There is a general concept which has us believe that we need to eat to be energetic and strong.  How much of it has actually been proven? You may develop stresses, aliments and stains from work or from training.  Why does this happen if food alone had sufficient strength to provide energy for you to work or do other physical activity without strain?

If you work in an office you may complain about weakness in the lumber spine from sitting down for most of the day.  Nurses often complain of lower back pain, mostly as a result from transferring patients.  If your work involves a lot of writing or typing, you may complain about strain in the shoulder(s) or wrist(s) due to the continuous use of the arm(s).  Construction workers can develop carpal tunnel syndrome due to overuse of the hands and frequent use vibrating power tools.  Indeed, if your work involves a lot of physical activity, you may complain about extreme stiffness or rigidity in various muscles.  What helps a person do things without negative side effects?

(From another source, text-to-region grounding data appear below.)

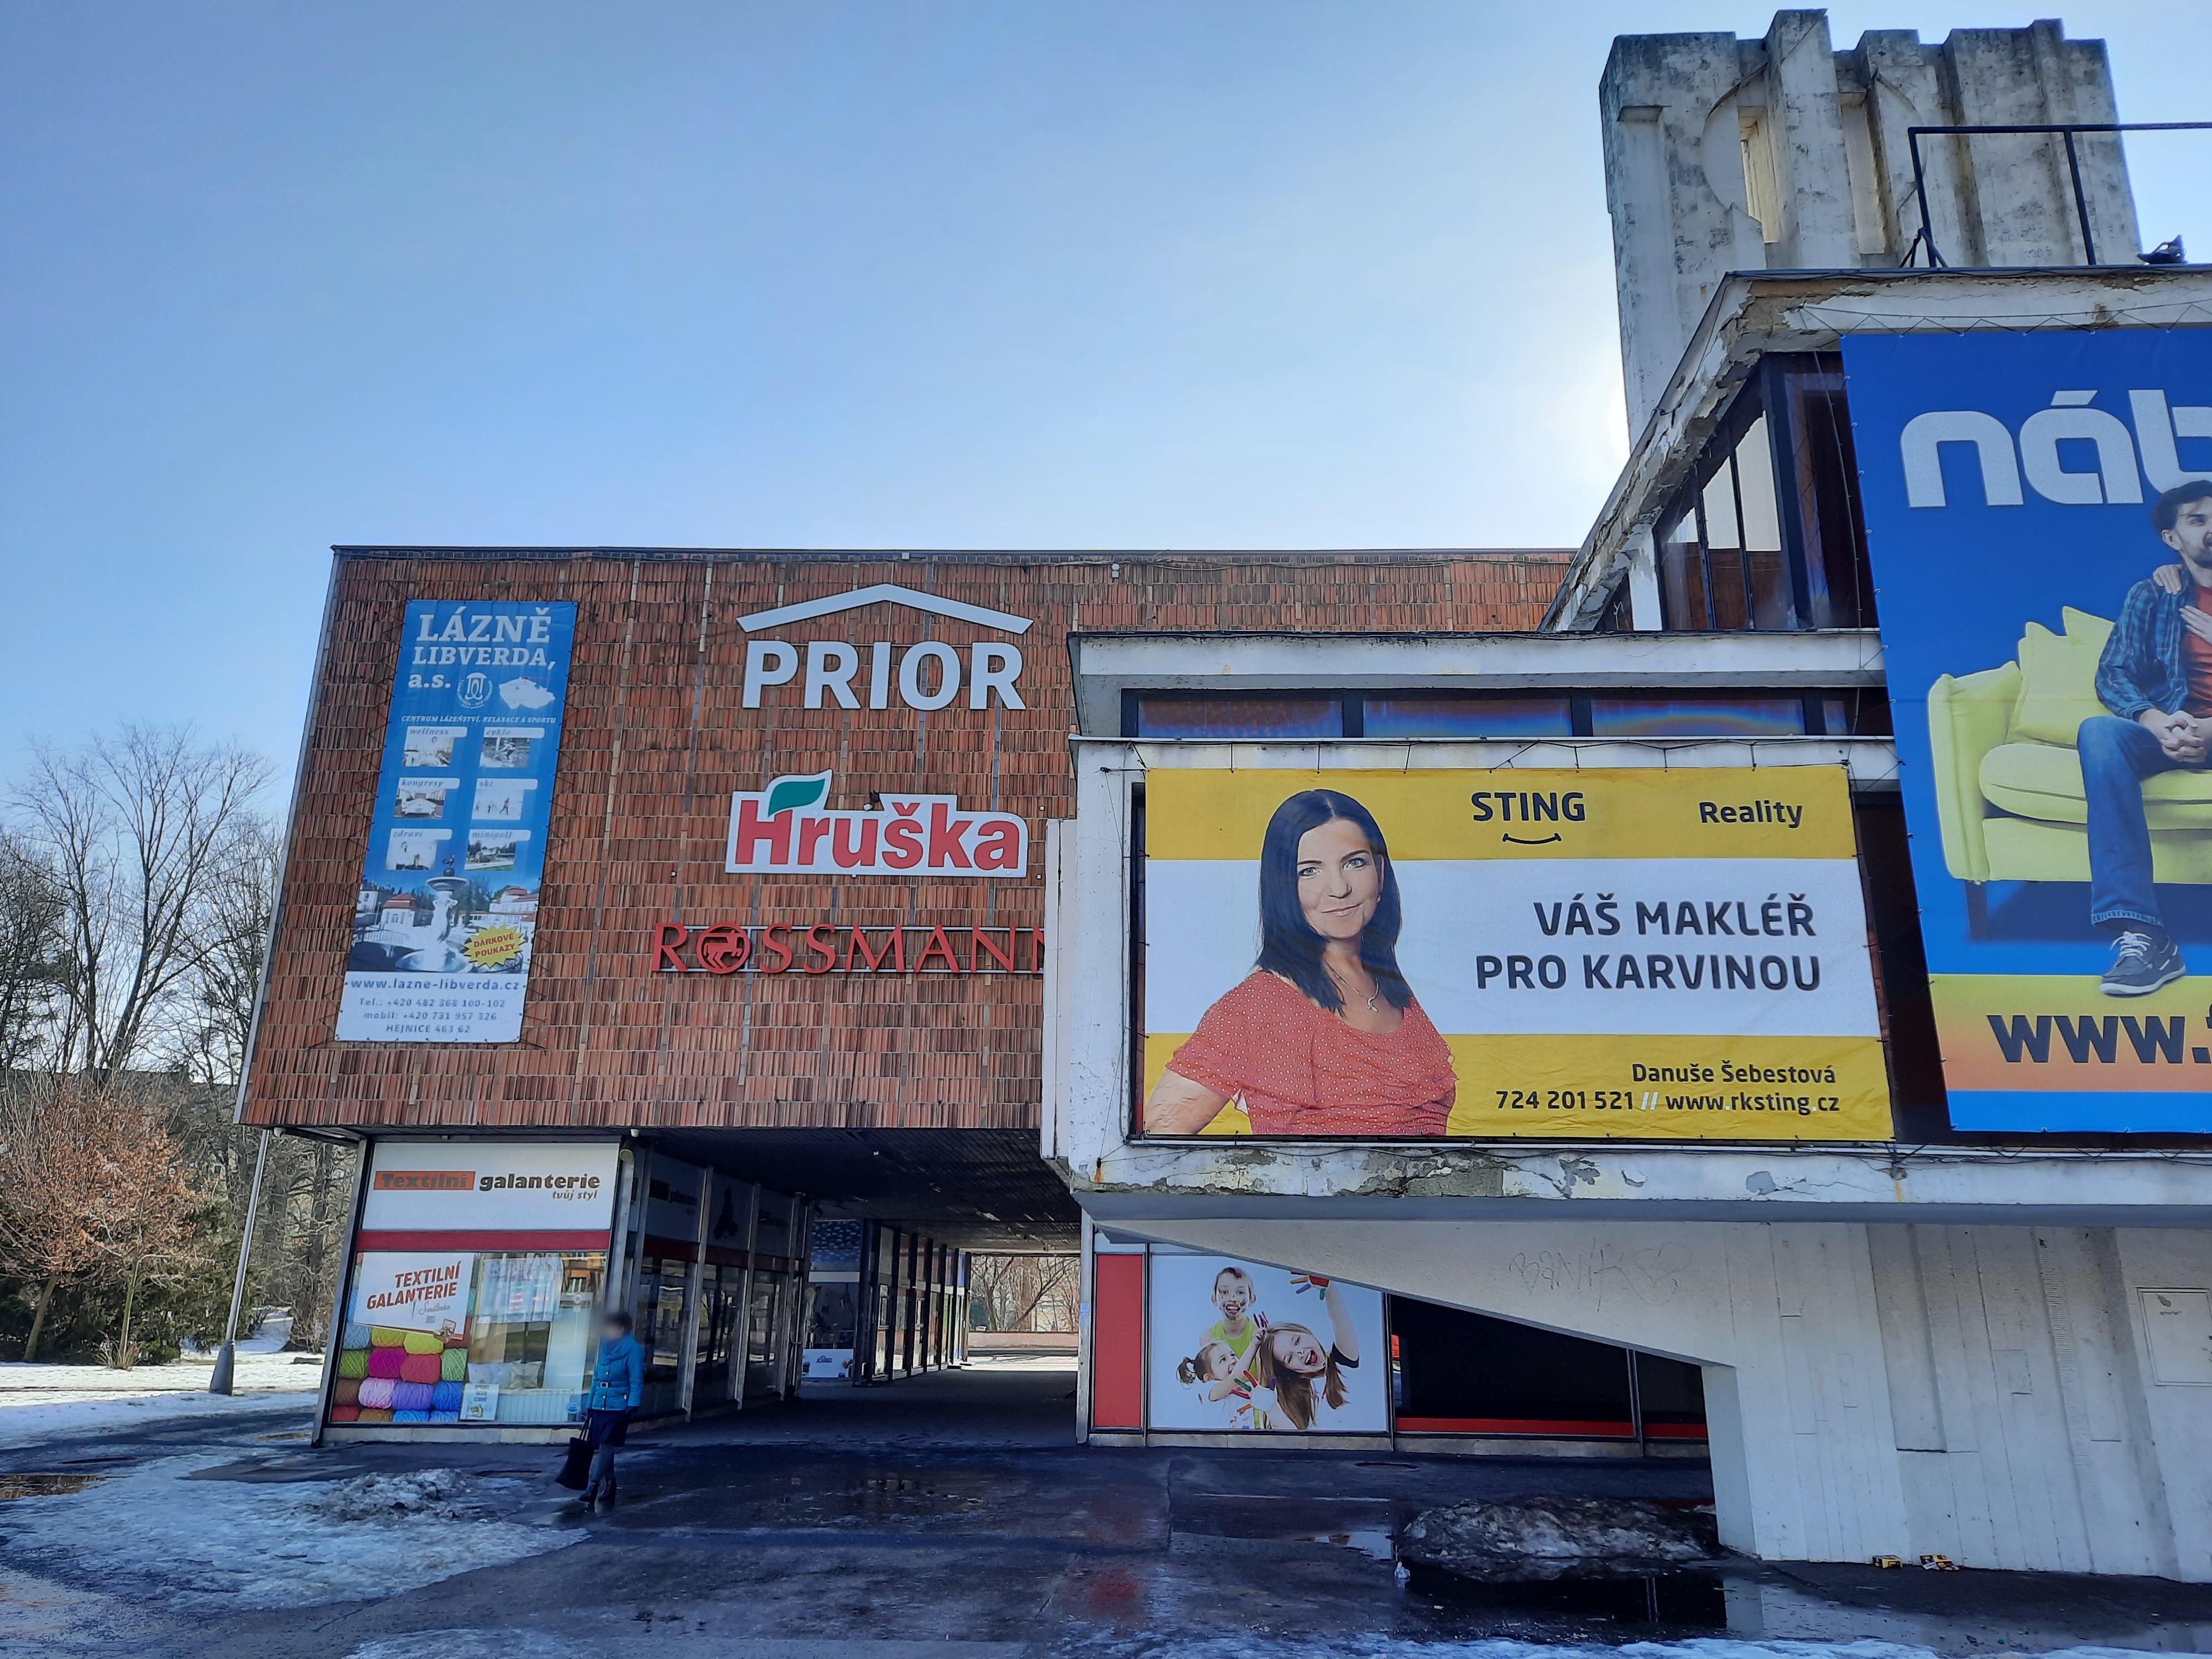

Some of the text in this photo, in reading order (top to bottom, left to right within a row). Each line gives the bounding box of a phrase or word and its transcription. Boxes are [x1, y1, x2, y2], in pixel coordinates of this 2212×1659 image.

[416, 606, 551, 643] LÁZNĚ
[412, 646, 556, 670] LIBVERDA,
[408, 673, 451, 688] a.s.
[742, 640, 1027, 710] PRIOR
[487, 728, 510, 737] cyklo
[401, 779, 444, 788] kongresy
[1471, 791, 1586, 822] STING
[1699, 800, 1803, 829] Reality
[472, 831, 513, 839] minigolf
[734, 800, 1021, 872] Hruška
[1533, 892, 1817, 937] VÁŠ MAKLÉŘ
[474, 932, 514, 947] DÁRKOVÉ
[475, 943, 515, 958] POUKAZY
[651, 921, 1045, 974] ROSSMAN
[351, 978, 520, 990] www.lazne-libverda.cz
[1475, 953, 1820, 992] PRO KARVINOU
[386, 1024, 470, 1034] HEJNICE 463 62
[1986, 1002, 2212, 1064] www.
[1632, 1059, 1837, 1084] Danuše Šebestová
[1495, 1089, 1540, 1110] 724
[1547, 1089, 1588, 1110] 201
[1594, 1090, 1634, 1110] 521
[1665, 1092, 1840, 1117] www.rksting.cz
[382, 1173, 601, 1192] Textilní galanterie
[552, 1190, 598, 1201] tvůj styl
[395, 1261, 462, 1288] TEXTILNÍ
[367, 1281, 458, 1310] GALANTERIE

The only way to avoid aliments or stresses is to change the idea of eating to work and to develop the muscles in your body naturally.  Any kind of work or physical activity can be done without the negative side effects from it once the body learns the way to adapt itself to the work.  Your body better learns when you perform physical activity before you eat in the morning (or, at least 4 hours after eating if, for example, you do the physical work later on in the day or evening).   In this way, a person can explore their full potential in a fasting state.  If you eat before physical activity, then the warmth (and oxygenated blood) go to your stomach and not the muscles that are being worked.  The muscles that are being worked then become more easily fatigued.  This is why yoga should be practised on an empty stomach.

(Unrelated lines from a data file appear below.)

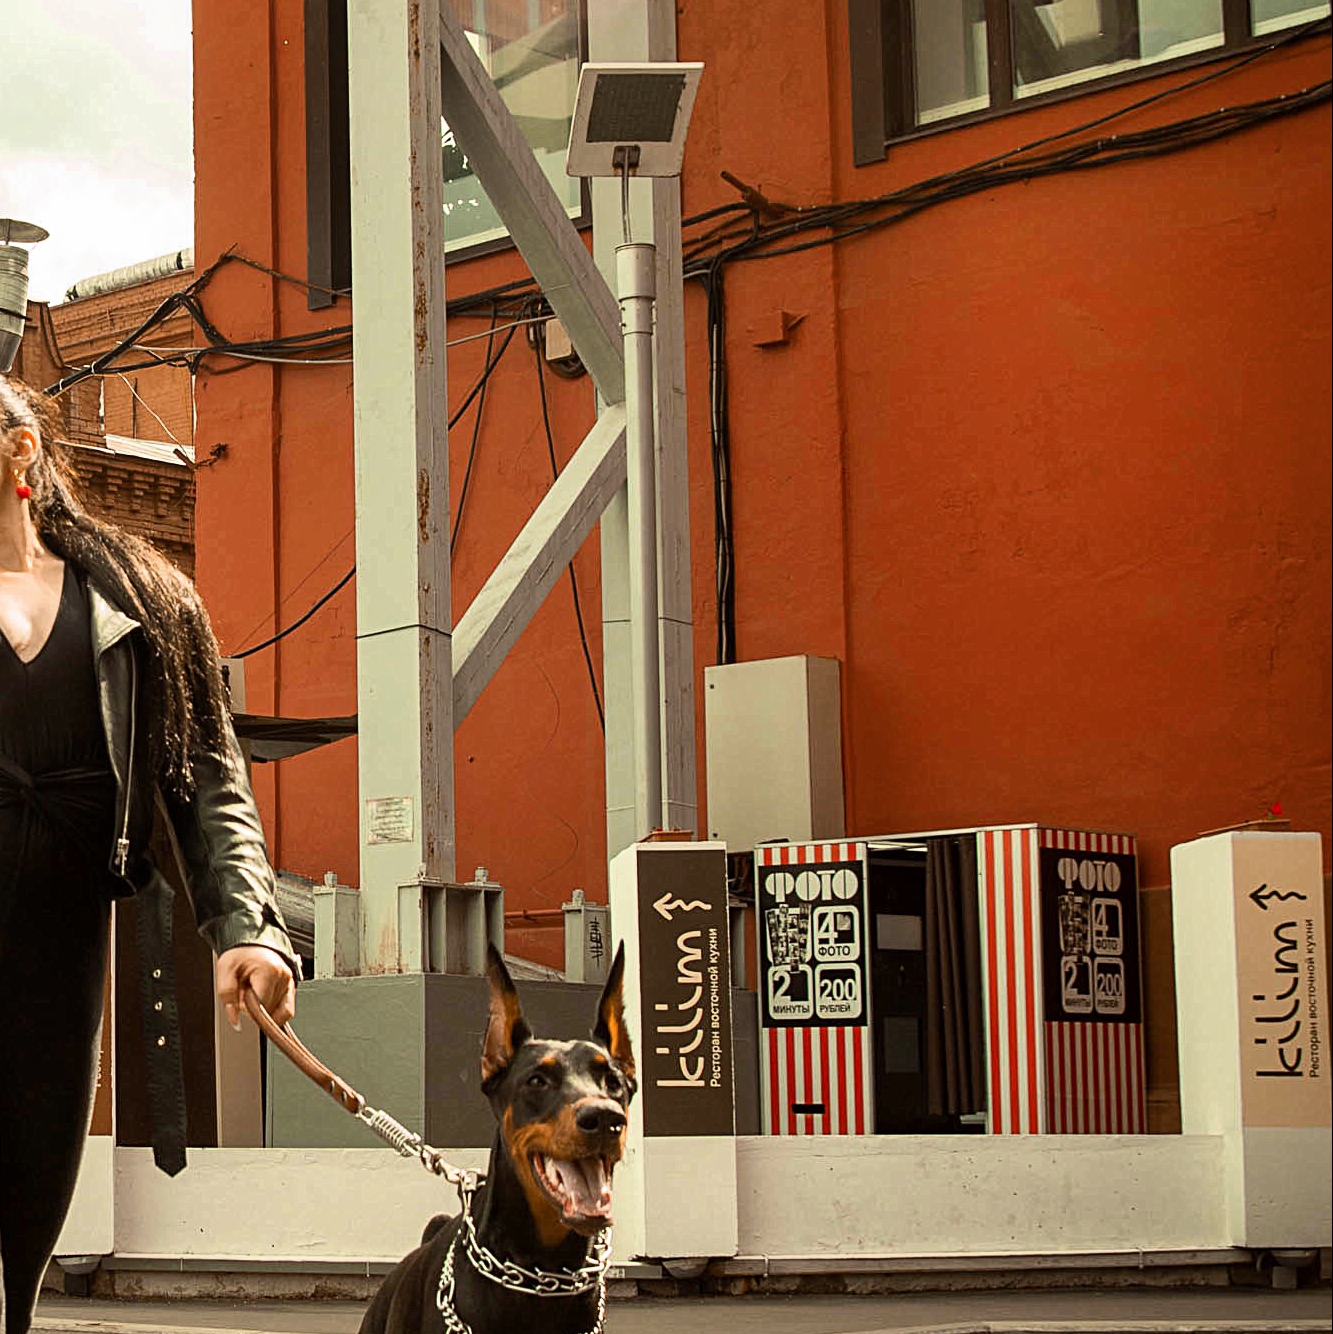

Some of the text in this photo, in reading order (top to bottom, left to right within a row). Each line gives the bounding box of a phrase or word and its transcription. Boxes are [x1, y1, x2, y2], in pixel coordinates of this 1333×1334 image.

[766, 869, 858, 903] ФОТО
[1058, 858, 1121, 892] ФОТО
[818, 911, 838, 944] 4
[1095, 904, 1109, 938] 4
[818, 945, 851, 956] ФОТО
[773, 970, 791, 1001] 2
[820, 978, 856, 1000] 200
[1066, 961, 1078, 995] 2
[1097, 974, 1122, 996] 200
[707, 928, 722, 1087] Ресторан восточной кухни
[773, 1005, 810, 1014] МИНУТЫ
[819, 1003, 850, 1012] РУБЛЕЙ
[1306, 919, 1320, 1078] Ресторан восточной кухни

Your body also quickly adapts itself only when your brain recognises the demand on the body is a constant one.  So, if you want to change your body then it is best to work or train more often than not (that is, at least 4 times a week) or else your brain simply concludes no change is necessary as you are in a state of rest, more often than not.

The basic aim of Prana Vashya Yoga practice is to ensure that every muscle group works independently reducing its influence over the stabilising muscles.  This reduces the possibility of alignments or strains in each muscle and supports stamina.  The support of the individual muscle groups, in turn, reduces the negative influence over the stabilising muscles which bear the strain most of the time.  It is very important to train your muscles to behave independently with maximum stamina to avoid such problems.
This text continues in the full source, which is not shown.